I know it hurts. Try not to think.
Computaria Explícita
June 20, 2009
RPG no Domingo

Nesta semana passada não houve jogo de D&D, porque dois dos jogadores estavam em São Paulo, e outros dois haviam sumido completamente do mapa no dia anterior. Então, eu resolvi aproveitar a ocasião para “limpar o paladar”, e mestrar algo diferente. Como eu não queria passar a tarde montando personagens, e fazia alguns dias que estava procurando um motivo para comprar uma coleção de personagens de WoD prontos da DRTPG, resolvi mestrar Chicago Workings, uma aventura para mortais que eu havia comprado também da DTRPG há um certo tempo atrás.

Enquanto nós devorávamos o costumeiro lanche de domingo, eu imprimia os personagens e lia aventura novamente. Até aquele ponto, além de mim haviam três jogadores presentes - Paolla, Rogério e Kid. Logo após o lanche, porém, chegaram os dois desaparecidos (Obi e Pri), explicando que a bateria de ambos os seus celulares haviam acabado e eles não tiveram chance de ligar.
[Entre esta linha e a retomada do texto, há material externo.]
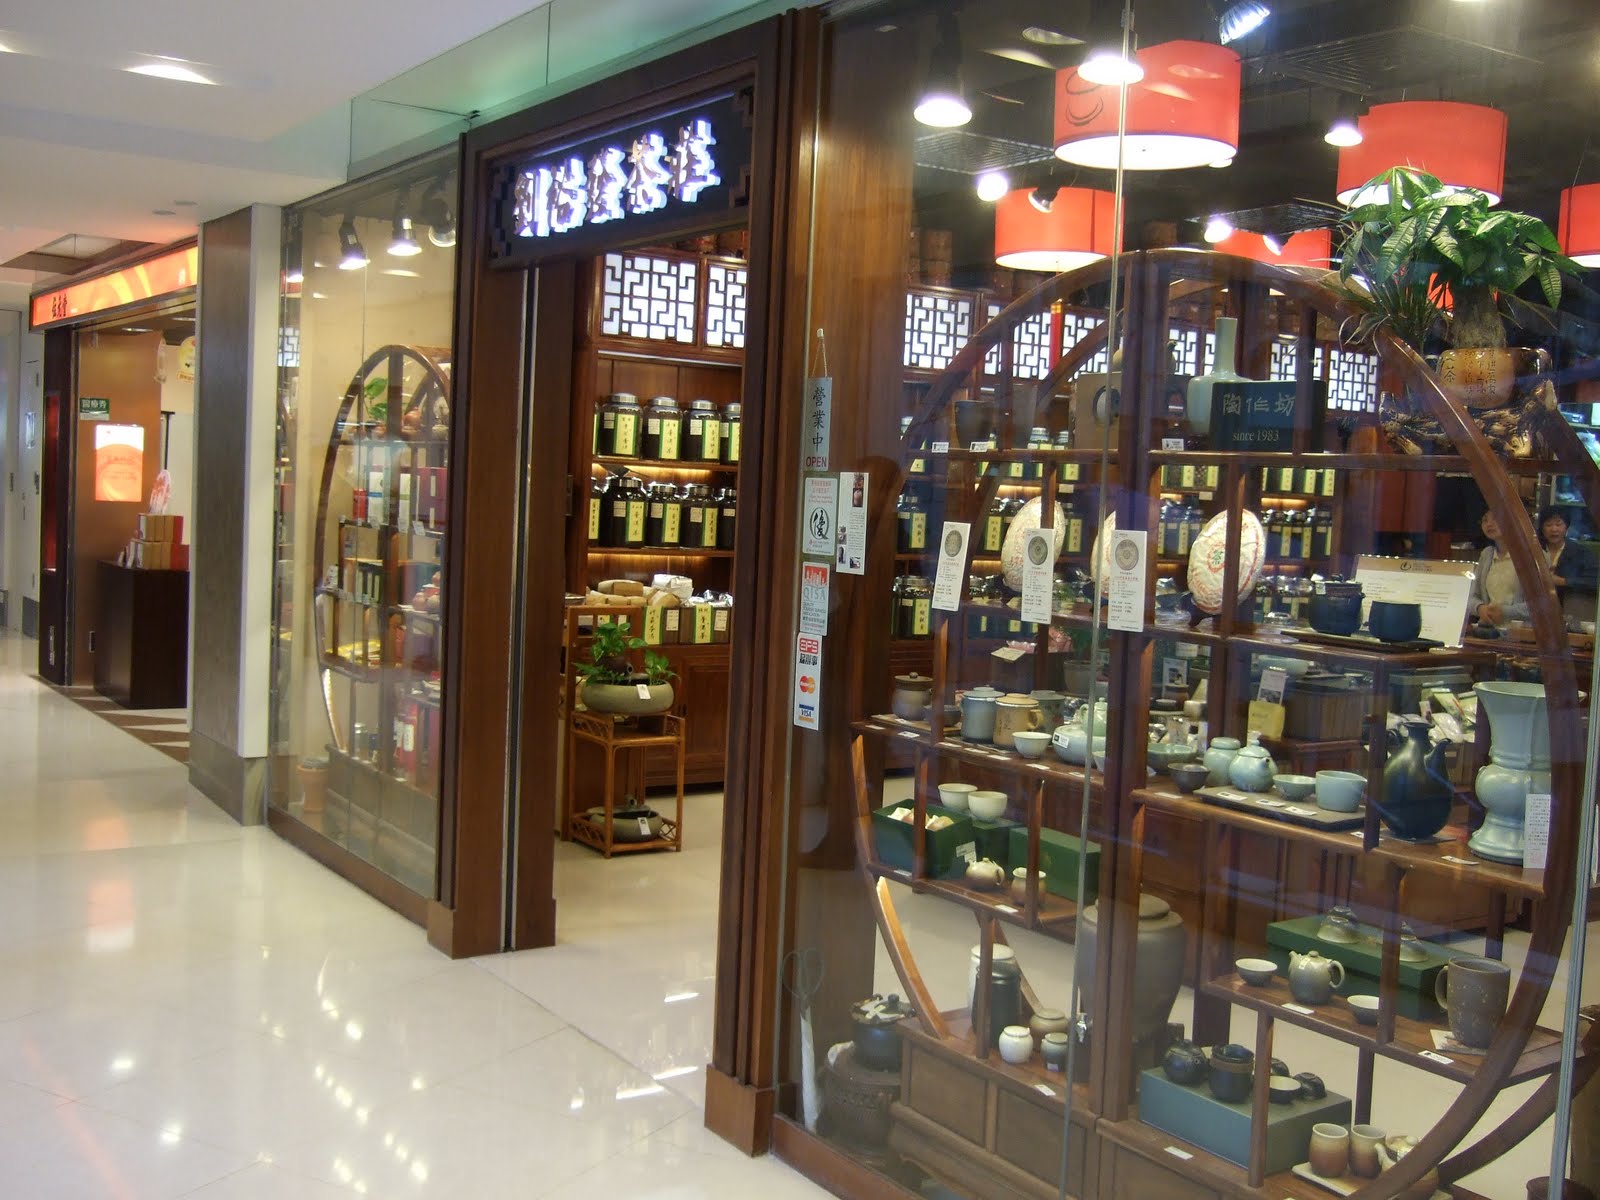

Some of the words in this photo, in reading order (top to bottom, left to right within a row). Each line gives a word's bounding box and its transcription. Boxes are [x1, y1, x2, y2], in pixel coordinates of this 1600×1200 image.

Isso quer dizer que até seria possível jogar D&D, mas a essa altura eu já estava empolgado com mestrar WoD. Como havia cinco personagens prontos naquele pacote, seguimos adiante.

Não vou entediá-los com um relatório detalhado da sessão, mas posso dizer que as coisas correram surpreendentemente rápido, especialmente para quem está acostumado a mestrar D&D 4 para um grupo de sete jogadores. Essa aventura one-shot realmente foi one-shot, e mesmo o combate grande no final demorou menos de meia hora para acabar. Eu achei isso o máximo.

A maior parte das quatro horas de jogo foi ocupada com investigação, exposição e ações não-violentas. Pela primeira vez desde que eu comecei a jogar com este grupo, eu pude fazer um discurso expositório sério onde todo mundo prestou atenção e ninguém interrompeu com piadinhas, ou riu do que estava acontecendo. Também achei isso o máximo.

Houveram algums problemas, lógico, e se eu voltar a mestrar algo parecido vou cuidar para que eles não se repitam. O Obi aparentemente não gosta de WoD, e se recusou a explicar os motivos. Achei que fosse por causa dos vampiros e coisas afins, mas não houve nenhum sequer aqui. Talvez parte da causa tenha sido uma tendência geral do grupo a tratar os computadores e a Internet como uma espécie de oráculo onisciente, algo que eu acabei deixando acontecer porque queria que aventura prosseguisse mais rápido. Isso não foi muito legal para a pessoa que jogava com o personagem computeiro, já que a maioria dos testes que ele fazia era para responder alguma pergunta do grupo. Até mesmo o personagem com Academics 4 (especializado em pesquisa) e Occult 4 tinha como primeira reação ante algum fenômeno sobrenatural virar para o pobre hacker e pedir para ele pesquisar alguma resposta na Internet.

Os problemas não foram grandes, no final de contas. As reações dos jogadores foram positivas, em sua maior parte, e eu pessoalmente me diverti bastante. Gostaria de fazer algo assim de novo no futuro, talvez com outro sistema.